Da Aleppo a oggi
Il sapone di Aleppo non è stato qualcosa che ho scoperto più tardi nella vita.
È semplicemente sempre stato lì.
Crescendo, faceva parte della routine quotidiana. Una saponetta tenuta in bagno, usata fino all’ultimo pezzo, sostituita senza pensarci troppo. Pratica, familiare e silenziosamente affidabile. Come molte cose che sembrano permanenti, è stato solo quando me ne sono allontanato che ho iniziato a notarla davvero.

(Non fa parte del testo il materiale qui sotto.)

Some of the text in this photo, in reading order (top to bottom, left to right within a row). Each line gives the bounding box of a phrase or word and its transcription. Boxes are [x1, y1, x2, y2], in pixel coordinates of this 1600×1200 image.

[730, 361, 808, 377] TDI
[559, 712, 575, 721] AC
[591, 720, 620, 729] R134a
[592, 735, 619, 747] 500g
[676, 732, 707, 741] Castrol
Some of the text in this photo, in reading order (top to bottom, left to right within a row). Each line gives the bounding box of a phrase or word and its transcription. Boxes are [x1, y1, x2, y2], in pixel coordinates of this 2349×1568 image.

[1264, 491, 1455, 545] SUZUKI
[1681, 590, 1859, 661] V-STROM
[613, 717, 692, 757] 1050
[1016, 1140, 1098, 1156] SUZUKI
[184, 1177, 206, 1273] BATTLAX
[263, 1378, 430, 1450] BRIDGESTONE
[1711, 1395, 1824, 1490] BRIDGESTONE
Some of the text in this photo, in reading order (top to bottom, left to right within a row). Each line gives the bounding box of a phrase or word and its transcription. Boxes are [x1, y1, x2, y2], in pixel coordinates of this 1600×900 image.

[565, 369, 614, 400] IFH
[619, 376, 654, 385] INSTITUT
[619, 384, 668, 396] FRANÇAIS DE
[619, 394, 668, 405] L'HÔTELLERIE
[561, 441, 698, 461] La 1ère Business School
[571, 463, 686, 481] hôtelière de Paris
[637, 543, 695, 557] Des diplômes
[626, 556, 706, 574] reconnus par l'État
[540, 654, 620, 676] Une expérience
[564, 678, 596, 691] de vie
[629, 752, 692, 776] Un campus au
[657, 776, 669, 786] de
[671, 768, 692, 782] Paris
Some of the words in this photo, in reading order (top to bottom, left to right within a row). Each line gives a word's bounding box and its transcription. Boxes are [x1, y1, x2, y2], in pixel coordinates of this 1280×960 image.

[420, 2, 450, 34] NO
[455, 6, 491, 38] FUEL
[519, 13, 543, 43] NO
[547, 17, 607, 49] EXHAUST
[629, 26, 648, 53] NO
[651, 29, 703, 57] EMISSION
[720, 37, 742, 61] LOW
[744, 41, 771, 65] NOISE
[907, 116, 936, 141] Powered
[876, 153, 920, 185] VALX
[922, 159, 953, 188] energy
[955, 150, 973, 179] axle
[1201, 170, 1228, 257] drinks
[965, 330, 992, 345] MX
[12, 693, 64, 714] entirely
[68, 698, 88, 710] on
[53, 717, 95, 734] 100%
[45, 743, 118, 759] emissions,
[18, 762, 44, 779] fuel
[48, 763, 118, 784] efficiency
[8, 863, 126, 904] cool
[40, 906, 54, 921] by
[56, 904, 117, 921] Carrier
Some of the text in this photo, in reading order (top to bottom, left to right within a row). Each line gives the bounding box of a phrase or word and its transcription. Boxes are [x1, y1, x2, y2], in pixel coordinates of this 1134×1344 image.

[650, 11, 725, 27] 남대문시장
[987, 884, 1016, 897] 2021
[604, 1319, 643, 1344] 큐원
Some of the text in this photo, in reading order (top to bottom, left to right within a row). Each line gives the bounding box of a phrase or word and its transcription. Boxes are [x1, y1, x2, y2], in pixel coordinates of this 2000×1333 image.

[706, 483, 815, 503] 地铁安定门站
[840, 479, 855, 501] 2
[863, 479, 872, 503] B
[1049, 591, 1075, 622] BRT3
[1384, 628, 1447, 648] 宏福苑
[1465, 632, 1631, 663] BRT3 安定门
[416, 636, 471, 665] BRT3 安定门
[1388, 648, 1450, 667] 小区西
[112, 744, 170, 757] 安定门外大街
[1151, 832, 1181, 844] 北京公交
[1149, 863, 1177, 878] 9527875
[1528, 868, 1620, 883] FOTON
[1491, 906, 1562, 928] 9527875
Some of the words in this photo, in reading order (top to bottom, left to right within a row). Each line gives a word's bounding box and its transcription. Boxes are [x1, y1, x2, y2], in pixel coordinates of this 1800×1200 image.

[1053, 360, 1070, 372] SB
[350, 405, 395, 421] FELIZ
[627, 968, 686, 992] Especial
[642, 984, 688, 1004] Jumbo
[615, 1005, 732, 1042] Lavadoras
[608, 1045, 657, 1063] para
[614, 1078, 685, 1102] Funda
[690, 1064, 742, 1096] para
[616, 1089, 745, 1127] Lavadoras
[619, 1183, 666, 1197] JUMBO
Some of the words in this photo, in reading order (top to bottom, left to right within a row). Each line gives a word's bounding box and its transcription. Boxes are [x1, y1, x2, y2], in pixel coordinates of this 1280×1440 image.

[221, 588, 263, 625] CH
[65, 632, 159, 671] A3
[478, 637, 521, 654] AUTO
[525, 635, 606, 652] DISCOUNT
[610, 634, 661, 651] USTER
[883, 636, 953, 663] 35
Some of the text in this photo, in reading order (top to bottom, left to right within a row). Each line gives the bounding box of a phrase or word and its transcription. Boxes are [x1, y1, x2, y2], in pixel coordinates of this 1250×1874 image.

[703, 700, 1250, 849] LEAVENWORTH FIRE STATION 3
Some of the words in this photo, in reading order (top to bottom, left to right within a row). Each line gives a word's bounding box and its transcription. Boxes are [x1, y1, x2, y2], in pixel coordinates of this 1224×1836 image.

Quando mi sono trasferito in Europa, sono entrato in un mondo pieno di scelte. Scaffali colmi di prodotti, lunghe liste di ingredienti, promesse stampate in lettere grandi. Eppure, mancava qualcosa. La semplicità con cui ero cresciuto non si trovava da nessuna parte.
È stato allora che il sapone di Aleppo è tornato da me — non come prodotto, ma come punto di riferimento.
Portare avanti qualcosa di familiare
Introdurre il sapone di Aleppo in Europa non è mai stato un tentativo di cambiarlo.
Si trattava di presentarlo in modo onesto, rispettando la sua origine e il modo in cui è sempre stato utilizzato.
È così che è nato Green Fadel.
L’intenzione era semplice: rendere il lavoro della famiglia Fadel accessibile oltre Aleppo, senza alterare il mestiere stesso. Il sapone è rimasto lo stesso. Il metodo è rimasto lo stesso. Solo il contesto intorno a esso si è evoluto.
Un cambiamento nell’uso, non nel mestiere
Ciò che è cambiato è stato il modo in cui le persone si sono avvicinate al sapone.
Il sapone di Aleppo tradizionale è rimasto al centro. Olio d’oliva e olio di alloro, cotti lentamente, modellati a mano e asciugati con il tempo. Questa base non è mai cambiata.
Attorno ad essa sono nate nuove forme — non per sostituire l’originale, ma per affiancarlo.
I saponi luxury sono stati sviluppati utilizzando la stessa base di sapone di Aleppo, delicatamente arricchita con oli aromatici orientali caldi. L’obiettivo non era coprire il sapone, ma aggiungere una dimensione sensoriale per chi apprezza la fragranza come parte del proprio rituale quotidiano.
Le saponette shampoo hanno seguito una logica simile. Create specificamente per i capelli, sono state sviluppate con equilibrio, rispettando esigenze diverse e restando allineate agli stessi valori di semplicità e cura.
I saponi Formula fanno parte di questo sviluppo continuo — un’esplorazione di come il sapone di Aleppo possa adattarsi all’uso quotidiano rimanendo fedele alla sua identità originaria.
In ogni caso, il mestiere è sempre venuto prima.
Il formato è seguito.
Continuità prima della reinvenzione
Nulla è stato pensato per seguire le mode. Ogni passo è stato lento, ponderato e intenzionale. I cambiamenti sono stati introdotti solo quando avevano uno scopo, non per inseguire la novità.
Ciò che unisce le saponette tradizionali, i saponi luxury, gli shampoo solidi e i saponi Formula non è la varietà, ma la coerenza. Lo stesso rispetto per gli ingredienti. La stessa pazienza nel processo. La stessa scelta di non complicare ciò che già funziona.
Tornare alla fonte
Ovunque viaggi il sapone, il suo punto di riferimento resta lo stesso.
Aleppo non è solo un luogo di origine. È la ragione per cui il sapone esiste. Il suo clima, le sue risorse e la sua storia hanno dato forma al mestiere molto prima che raggiungesse un pubblico più ampio.
Ogni sviluppo, ogni adattamento, riconduce lì — all’idea che le cose buone non hanno bisogno di essere accelerate o reinventate, ma comprese e curate.
Da Aleppo a oggi, la storia continua non allontanandosi dalle sue radici, ma restando loro vicina.